Mise à jour d’une revue Cochrane sur la prise en charge du mal de gorge aigu : une place limitée pour les antibiotiques
Dans le mal de gorge aigu (pharyngite et tonsillite), les antibiotiques ne sont que rarement indiqués, car le bénéfice attendu est très limité [BAPCOC, 2021]. C’est ce que confirme une mise à jour 2021 de la revue Cochrane à propos de la prise en charge du mal de gorge aigu 5. Les études incluses ont examiné 15 337 patients atteints d’un mal de gorge aigu. L’âge des patients variait de 1 an à plus de 50 ans.
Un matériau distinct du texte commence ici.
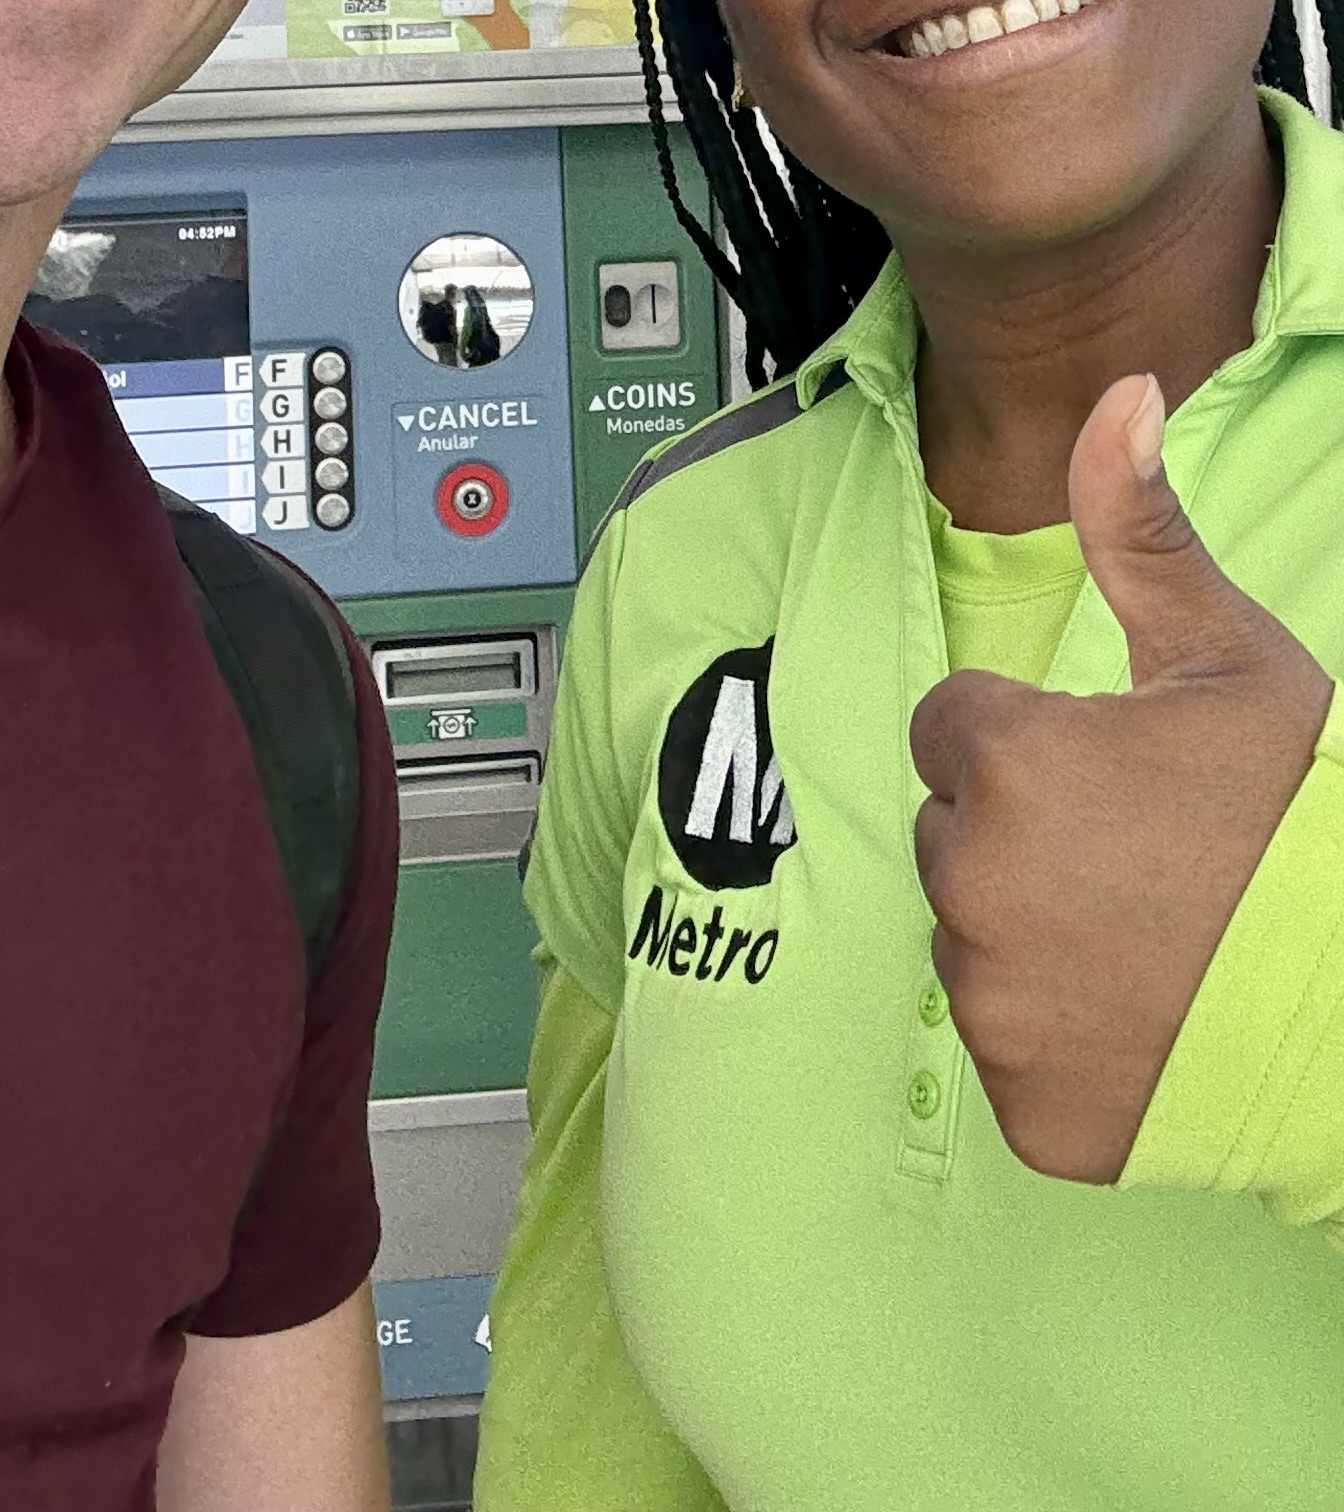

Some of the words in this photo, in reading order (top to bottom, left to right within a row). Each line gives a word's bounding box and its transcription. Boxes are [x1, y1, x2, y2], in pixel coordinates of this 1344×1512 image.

[234, 361, 251, 387] F
[271, 358, 288, 383] F
[271, 393, 290, 418] G
[607, 381, 696, 410] COINS
[418, 401, 538, 431] CANCEL
[606, 414, 686, 435] Monedas
[273, 429, 292, 454] H
[417, 434, 480, 453] Anular
[279, 464, 286, 490] I
[273, 500, 288, 526] J
La conclusion est que les antibiotiques réduisent la survenue de complications très rares (des incertitudes subsistant en ce qui concerne la glomérulonéphrite aiguë (cf. « + plus d’infos »)) ainsi que la durée des symptômes, mais l'effet est très modeste. Ce qui peut justifier une attitude attentiste. La place des antibiotiques dans le traitement du mal de gorge aigu est limitée.
La revue Cochrane a évalué l’impact du traitement antibiotique sur l’incidence des complications suppuratives et non suppuratives chez les patients atteints d’un mal de gorge aigu d’origine virale ou bactérienne. Les complications non suppuratives d’une pharyngite à streptocoques sont le rhumatisme articulaire aigu et la glomérulonéphrite aiguë post-streptococcique. Les complications suppuratives d’une pharyngite sont l’abcès périamygdalien, l’otite moyenne aiguë et la sinusite aiguë.
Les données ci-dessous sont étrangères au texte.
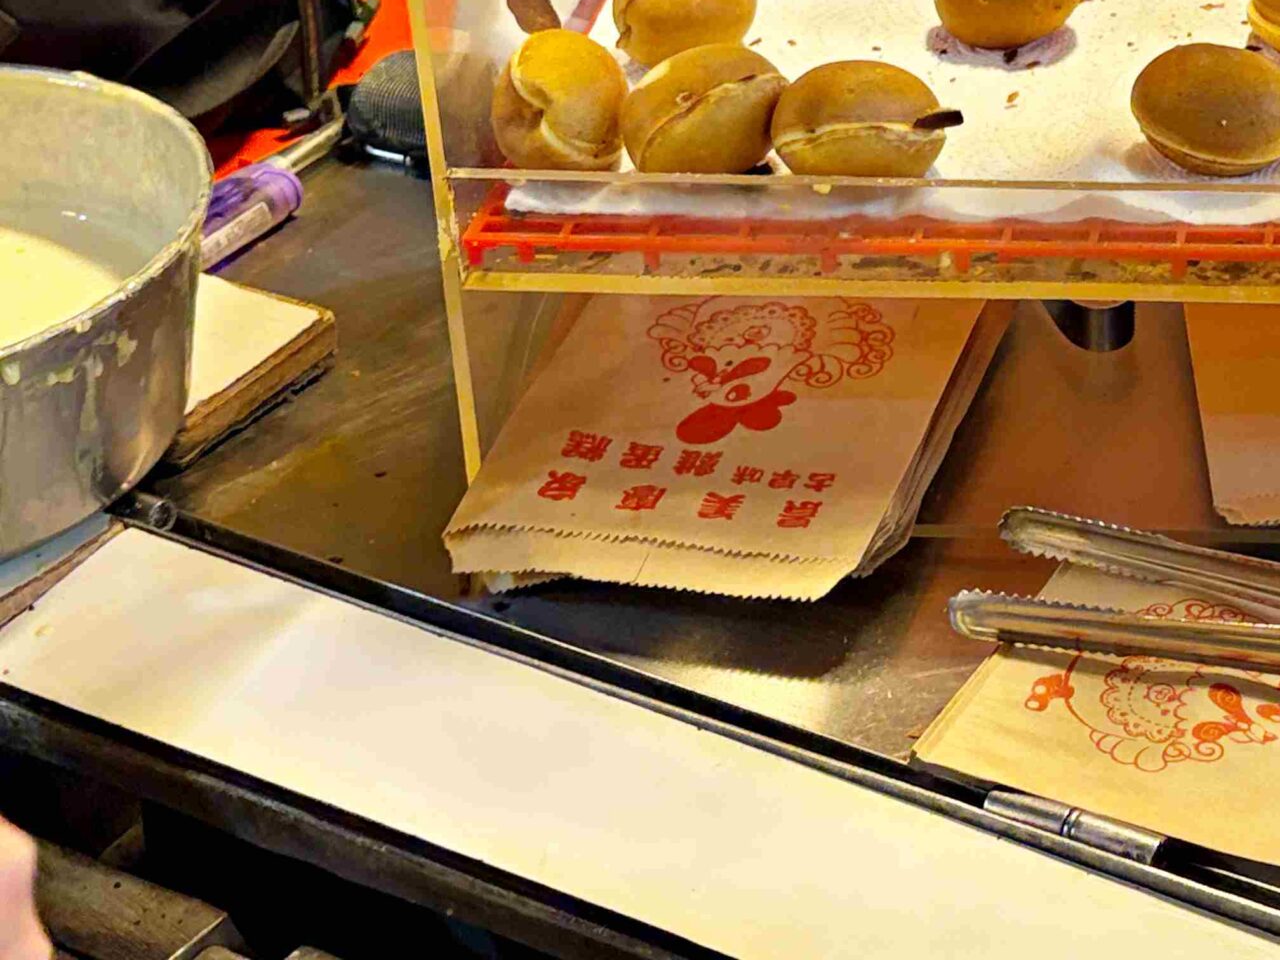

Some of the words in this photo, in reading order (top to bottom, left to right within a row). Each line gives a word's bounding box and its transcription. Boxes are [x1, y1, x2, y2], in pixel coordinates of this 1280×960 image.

[560, 430, 838, 492] 古早味雞蛋糕
[537, 469, 824, 529] 景美廖家
- L’incidence d’un abcès périamygdalien dans les 2 mois suivant l’infection initiale était réduite par rapport au groupe témoin : OR de 0,16 (IC à 95 % de 0,07 à 0,35 ; 7 études, 2 376 participants ; 23 cas dans le groupe placebo contre 2 cas dans le groupe sous traitement).
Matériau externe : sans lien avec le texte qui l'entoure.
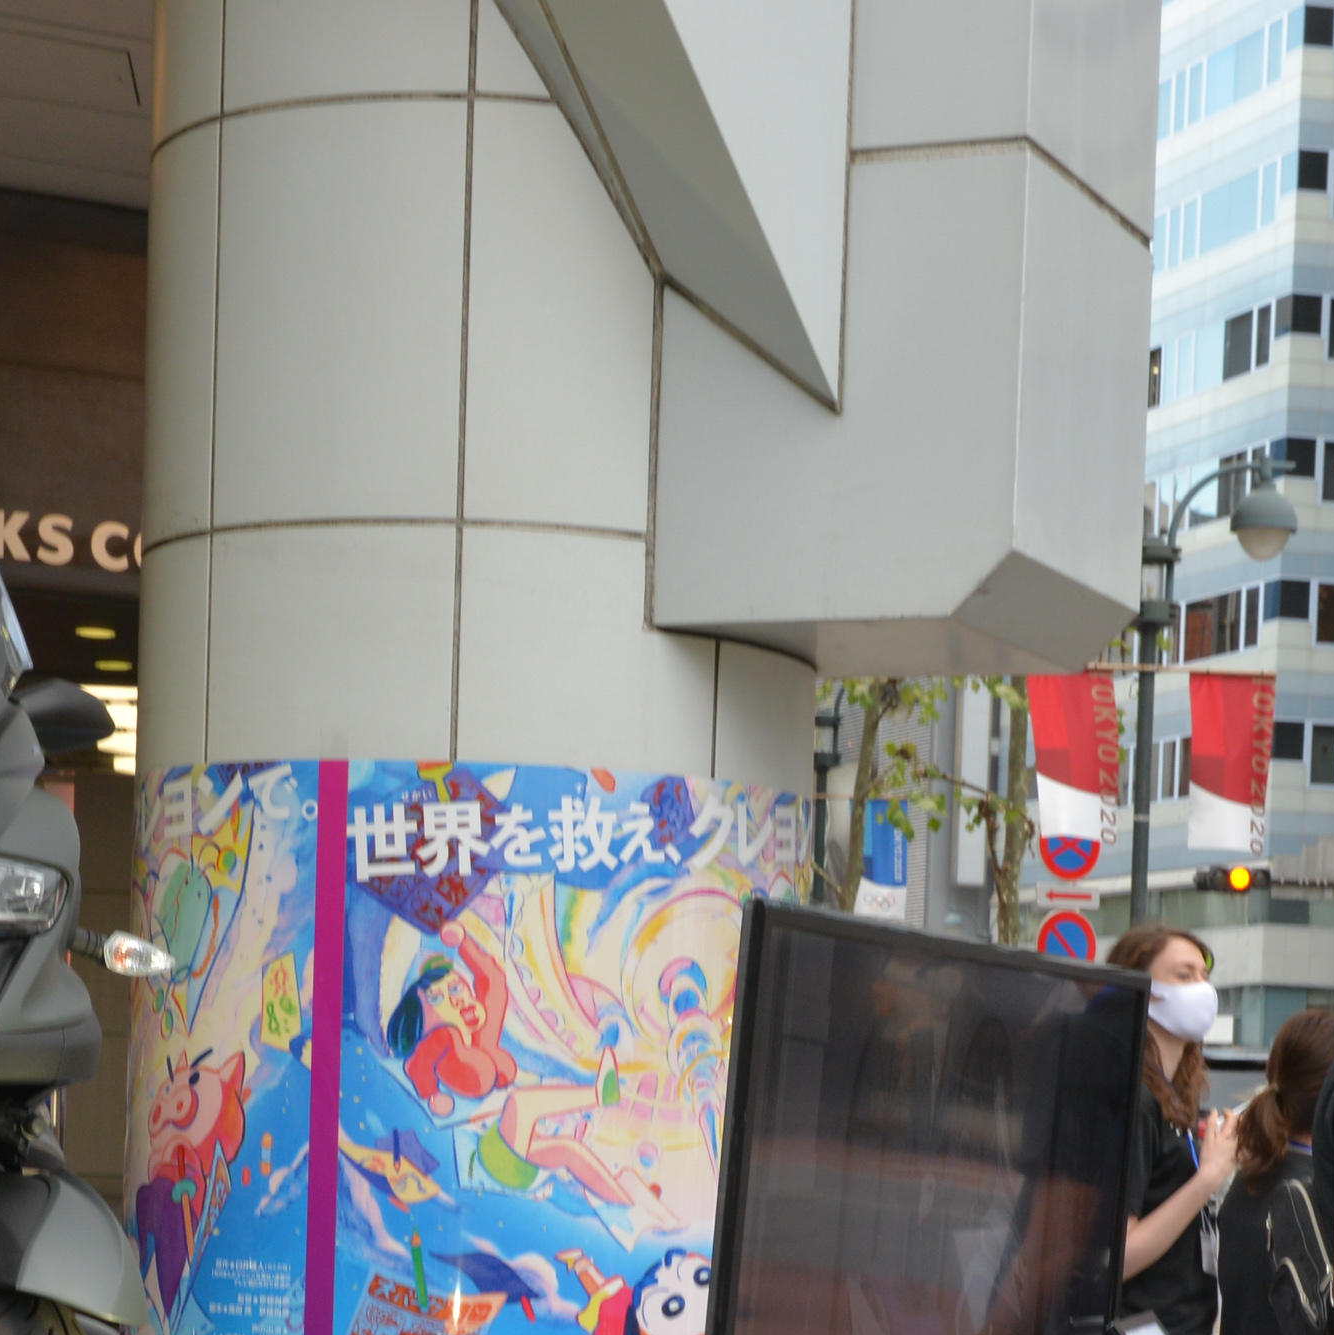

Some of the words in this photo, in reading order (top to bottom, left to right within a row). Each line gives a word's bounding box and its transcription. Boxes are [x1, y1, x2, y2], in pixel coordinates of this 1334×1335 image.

[90, 520, 142, 573] C
[1089, 671, 1120, 764] TOKYO
[1251, 677, 1276, 776] TOKYO
[1098, 768, 1120, 847] 2020
[1250, 778, 1268, 857] 2020
- L’incidence d’une otite moyenne aiguë dans les 14 jours suivant l’infection initiale était réduite par rapport au groupe témoin : OR de 0,21 (IC à 95 % de 0,11 à 0,40 ; 10 études, 3 646 participants ; 28 cas dans le groupe placebo contre 10 cas dans le groupe sous traitement).
- L’incidence d’une sinusite aiguë dans les 14 jours suivant l’infection initiale était semblable ou peu différente par rapport au groupe témoin : OR de 0,46 (IC à 95 % de 0,10 à 2,05 ; 7 études, 2 270 participants).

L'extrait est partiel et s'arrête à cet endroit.